Busty, coasting-on-her-looks Lisa Wilson was at least amusing in her preperformance video — she must be the only performer to actually drop down to the floor and hump the ”American Idol” logo. Then came a cataclysmic version of Melissa Etheridge’s ”Come to My Window” that wasn’t so much (as she put it) ”stepping out of the box” as it was plunging over the cliff. Smirking, pouting, and strutting her way through a stream of shouted wrong notes, Lisa at least gave Randy one of his funniest moments. ”How do you think you did?” he asked, deadpan. ”Was this a good song choice for you, do you think?”

Aside from those three embarrassments, Tuesday’s performances ranged from mediocre to almost impressive.
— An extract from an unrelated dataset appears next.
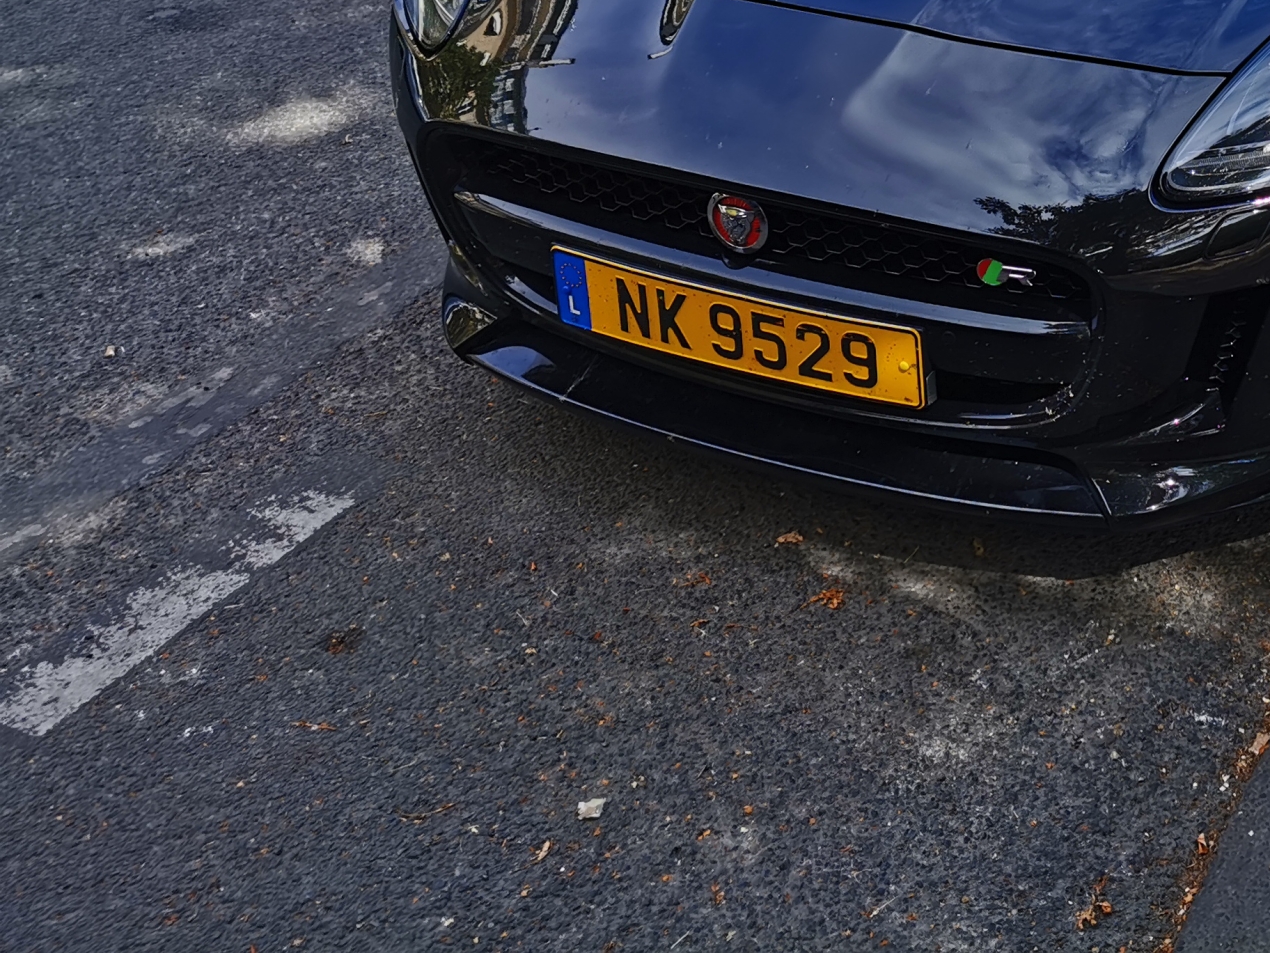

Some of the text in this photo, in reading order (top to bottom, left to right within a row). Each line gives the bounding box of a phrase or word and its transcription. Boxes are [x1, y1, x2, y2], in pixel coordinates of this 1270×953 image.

[568, 295, 581, 315] L
[615, 276, 879, 389] NK 9529
Susie Vulaca sang every note of ”Unbreak My Heart” perfectly, but managed to be boring in the process — I’m already forgetting which one she was. And despite Paula and Randy’s praise, Simon was right about Tiara Purifoy: Her version of ”I Wanna Dance With Somebody (Who Loves Me)” was a screechy, overblown mess that poorly served her obvious vocal talents.

17-year-old Jasmine Trias’ combination of girl-next-door humility with formidable, if generic, Mariah-style vocal chops is obviously reminiscent of Kelly Clarkson, and she will undoubtedly join the final 10. She could even win. But there’s a fine line between sweet and saccharine, and Trias could cross it — especially if she keeps flashing that ”hang-loose” sign at every camera she sees. We get it, you’re from Hawaii.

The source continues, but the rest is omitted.